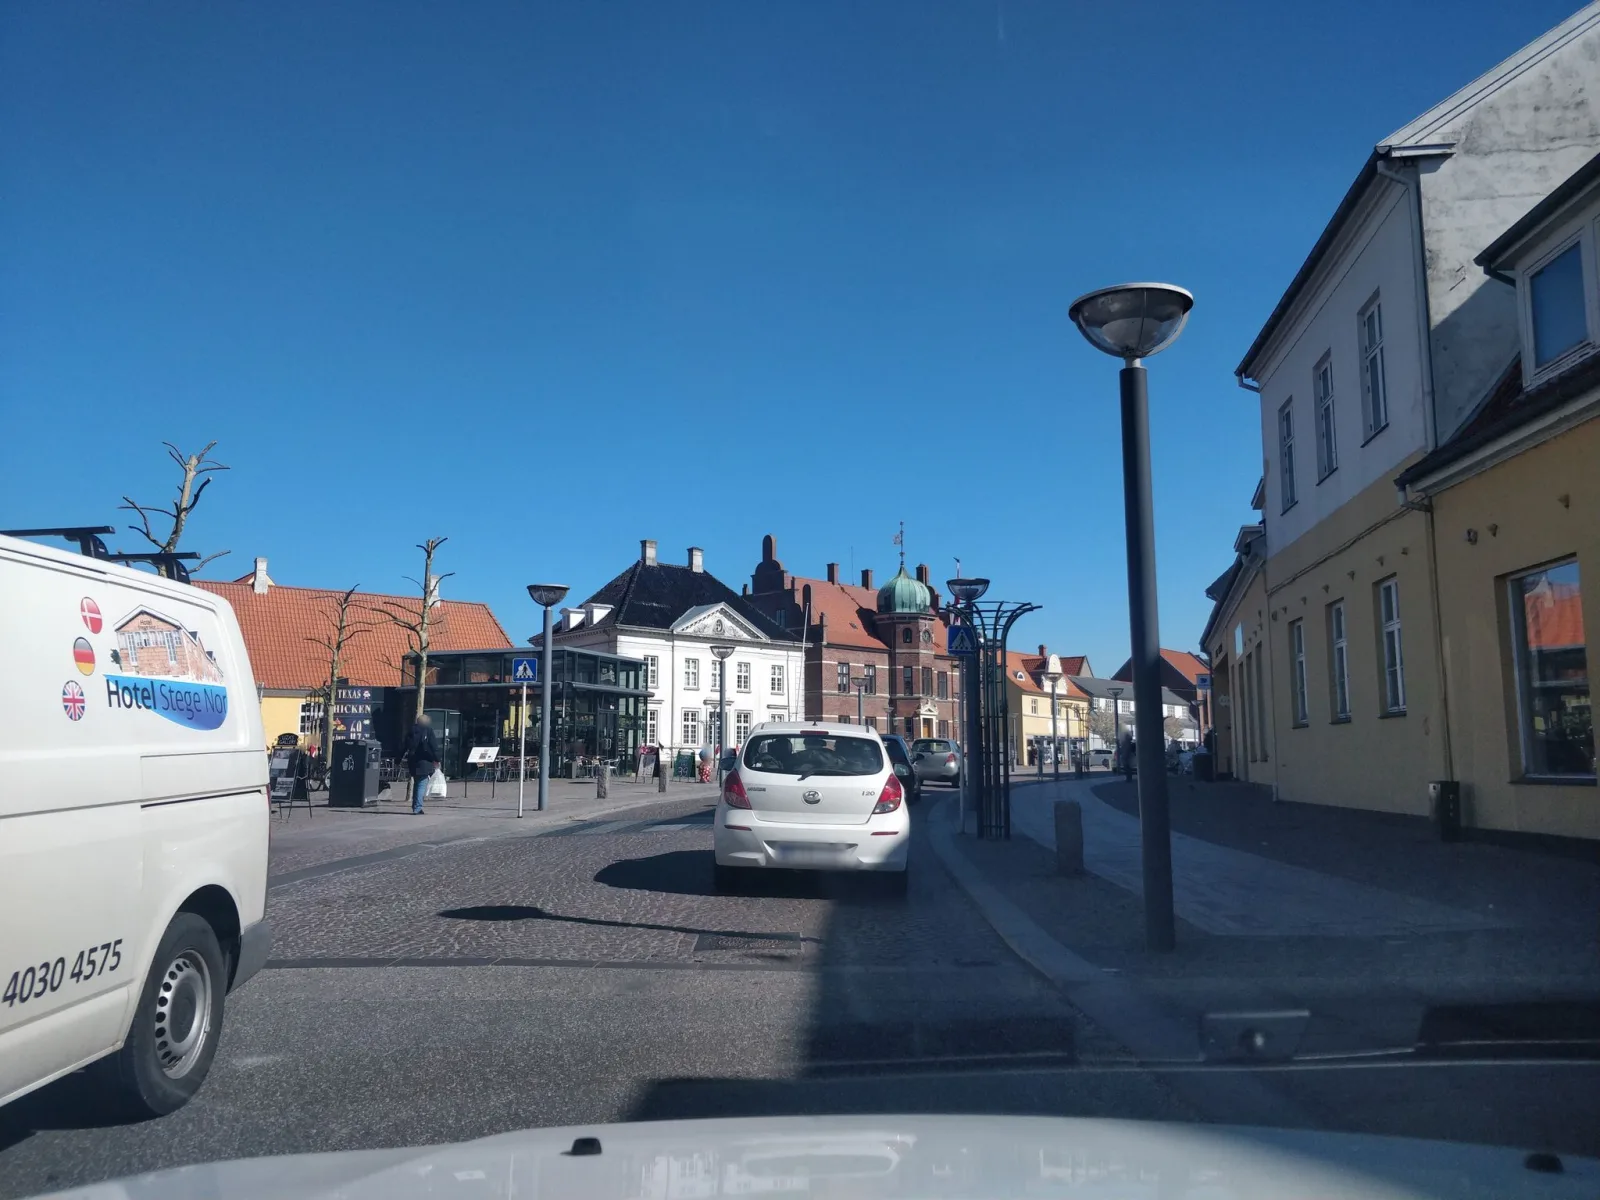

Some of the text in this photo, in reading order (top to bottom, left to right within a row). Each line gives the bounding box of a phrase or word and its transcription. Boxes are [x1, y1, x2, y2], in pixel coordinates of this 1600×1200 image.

[106, 679, 157, 709] Hotel
[160, 684, 202, 720] Stege
[337, 689, 361, 699] TEXAS
[333, 704, 371, 714] HICKEN
[2, 938, 123, 1008] 4030 4575

TASK INSTRUCTIONS >> Restate each record from above word for word, excluding any picture it holds.

TASK SOLUTION >>
Some of the text in this photo, in reading order (top to bottom, left to right within a row). Each line gives the bounding box of a phrase or word and its transcription. Boxes are [x1, y1, x2, y2], in pixel coordinates of this 1600×1200 image.

[106, 679, 157, 709] Hotel
[160, 684, 202, 720] Stege
[337, 689, 361, 699] TEXAS
[333, 704, 371, 714] HICKEN
[2, 938, 123, 1008] 4030 4575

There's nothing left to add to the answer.